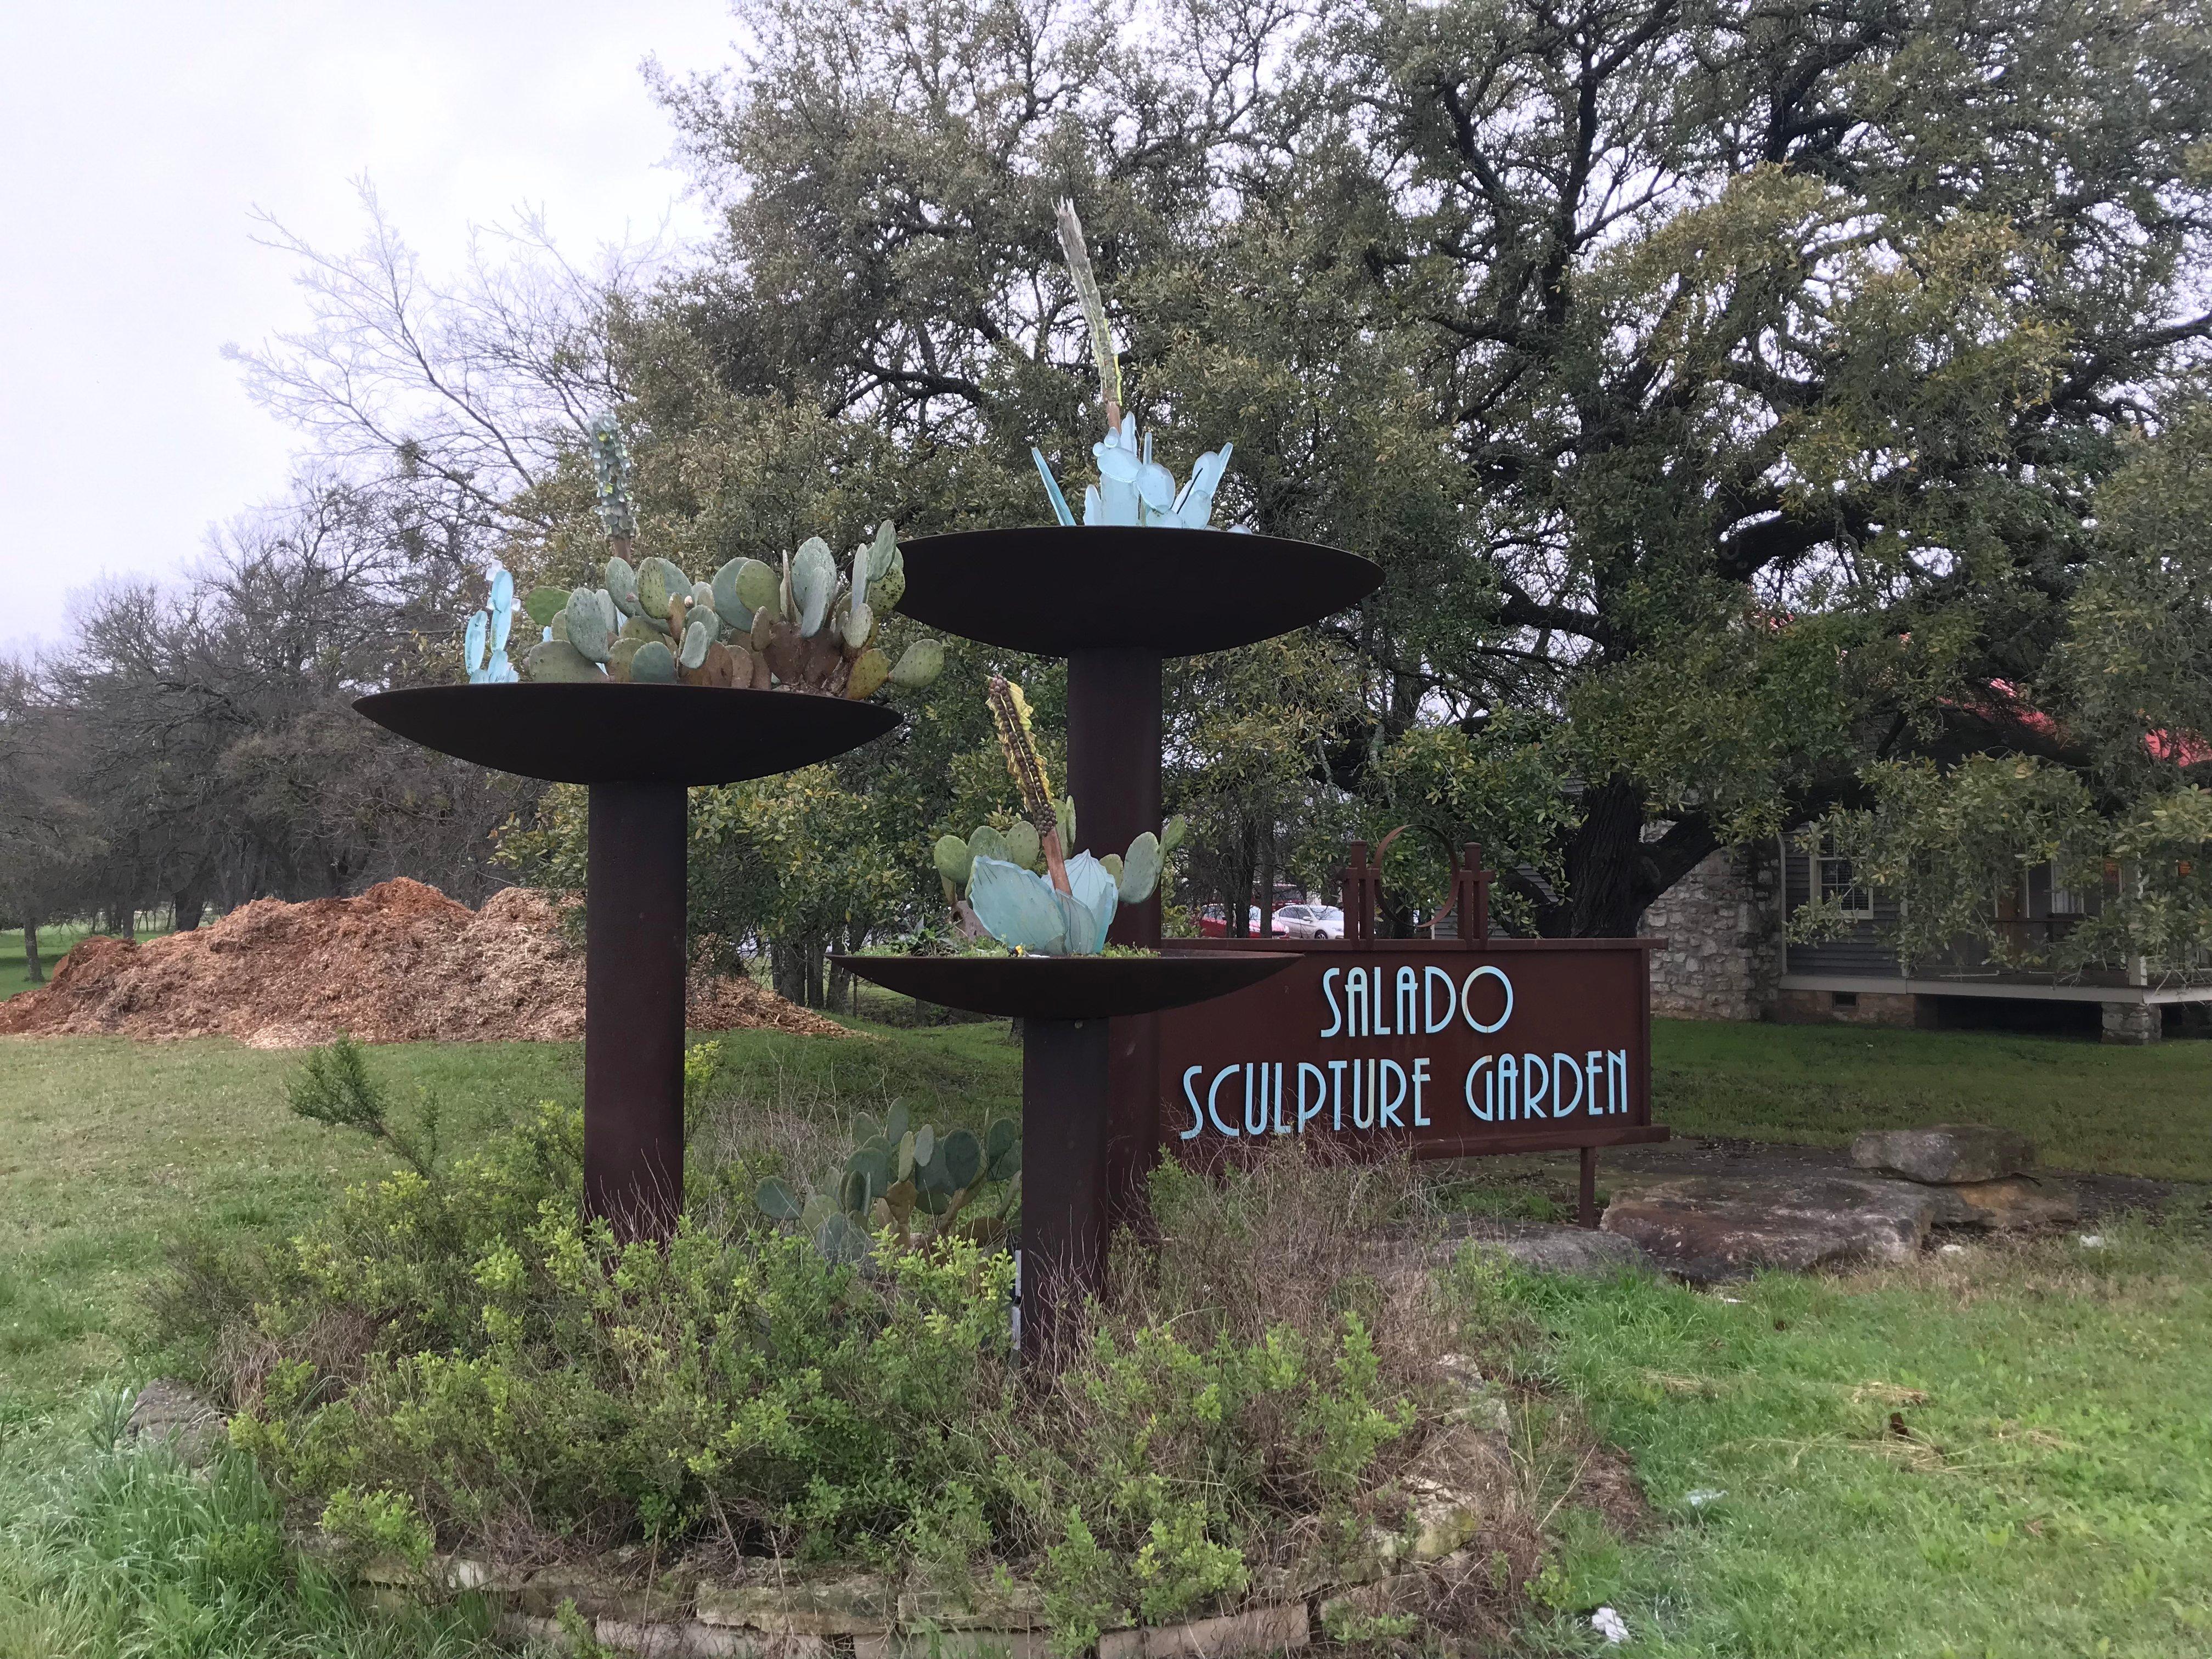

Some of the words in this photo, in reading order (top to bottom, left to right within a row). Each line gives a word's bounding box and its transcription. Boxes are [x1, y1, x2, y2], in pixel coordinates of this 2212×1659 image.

[1321, 966, 1514, 1037] SALADO
[1181, 1057, 1431, 1139] SCULPTURE
[1465, 1049, 1628, 1121] GARDEN
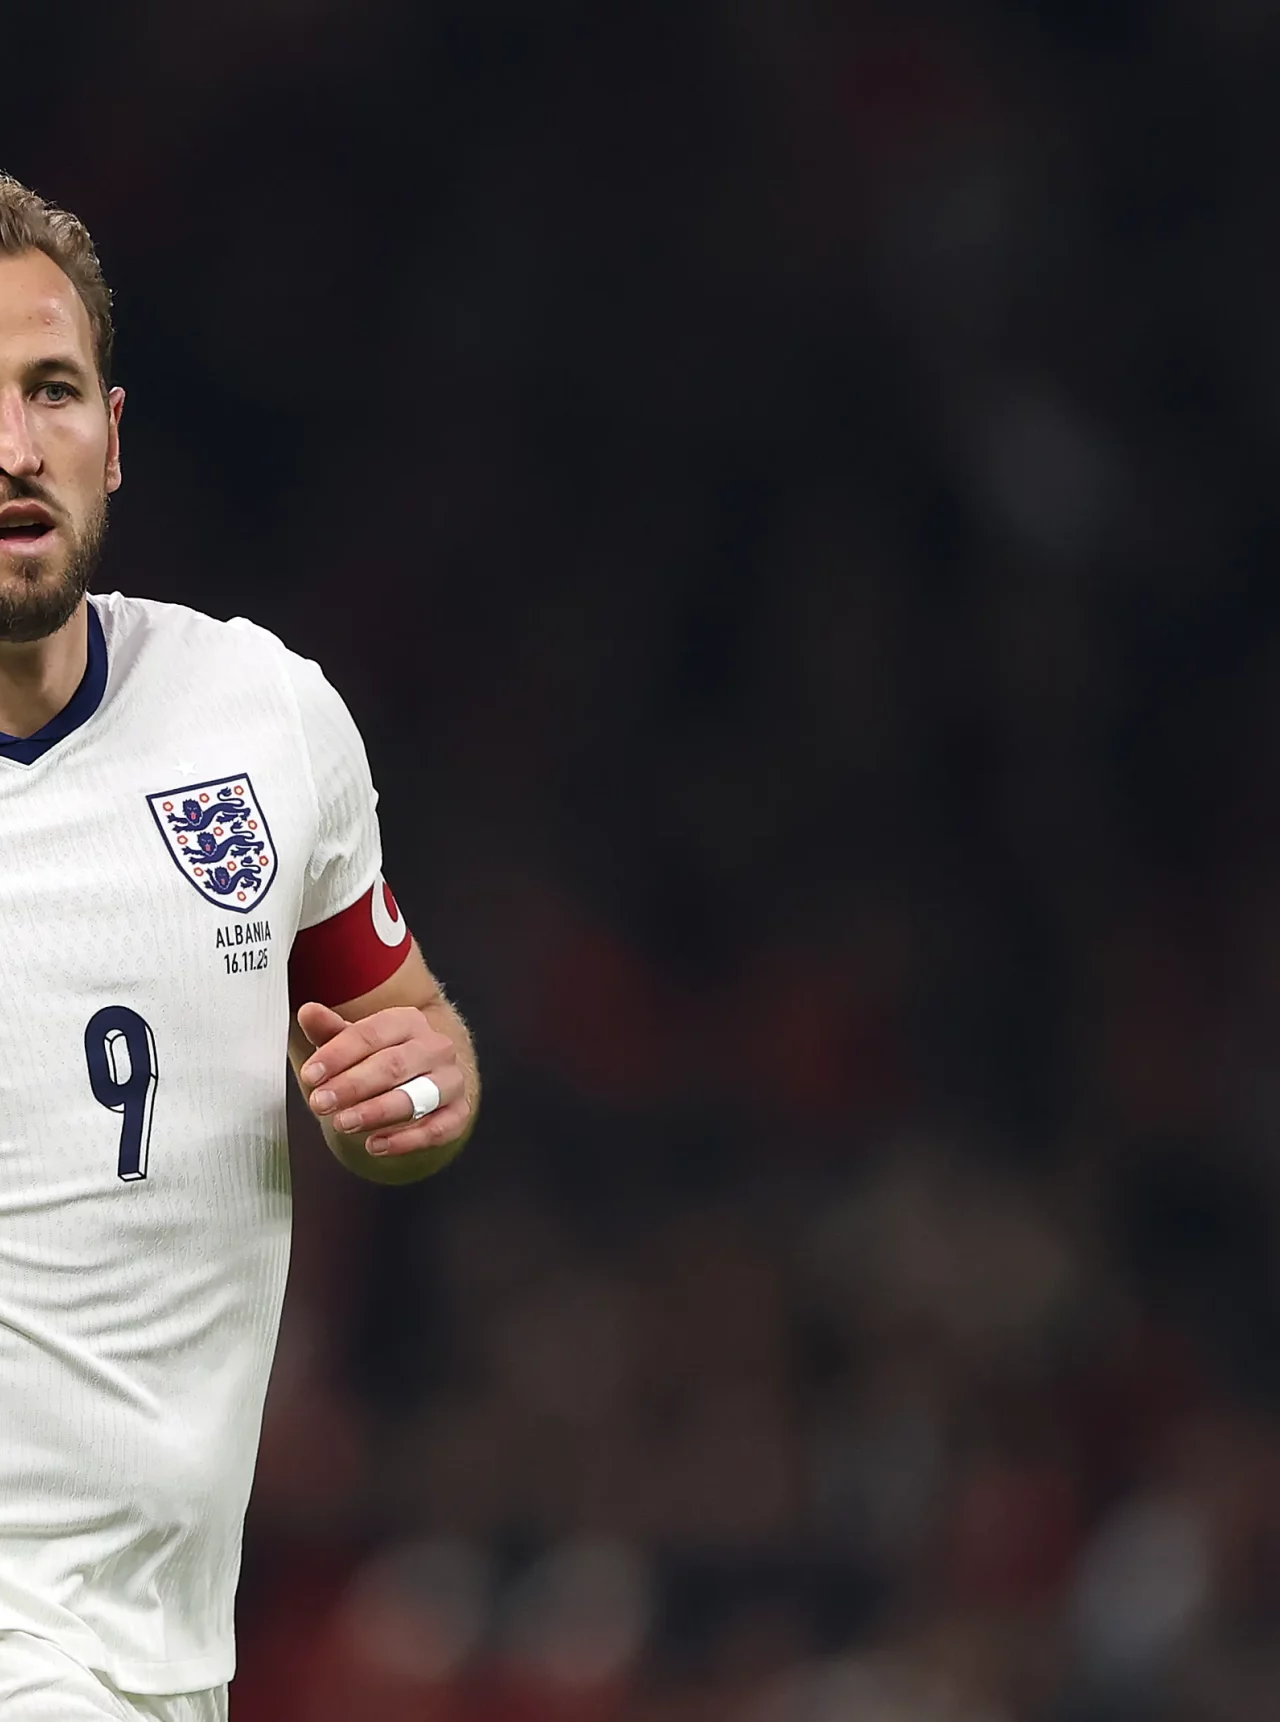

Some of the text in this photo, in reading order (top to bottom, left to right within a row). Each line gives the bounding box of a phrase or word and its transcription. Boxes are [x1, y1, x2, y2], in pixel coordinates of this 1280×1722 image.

[216, 921, 271, 948] ALBANIA
[224, 948, 268, 974] 16.11.25
[84, 1005, 158, 1182] 9

○ ○ ○ ○ ○ ○ ○

* About this task
In your copy, repeat each record exactly and include no pictures.

* Exercise output
Some of the words in this photo, in reading order (top to bottom, left to right within a row). Each line gives a word's bounding box and its transcription. Boxes are [x1, y1, x2, y2], in pixel coordinates of this 2212×1659 image.

[1321, 966, 1514, 1037] SALADO
[1181, 1057, 1431, 1139] SCULPTURE
[1465, 1049, 1628, 1121] GARDEN

Some of the text in this photo, in reading order (top to bottom, left to right within a row). Each line gives the bounding box of a phrase or word and its transcription. Boxes are [x1, y1, x2, y2], in pixel coordinates of this 1280×1722 image.

[216, 921, 271, 948] ALBANIA
[224, 948, 268, 974] 16.11.25
[84, 1005, 158, 1182] 9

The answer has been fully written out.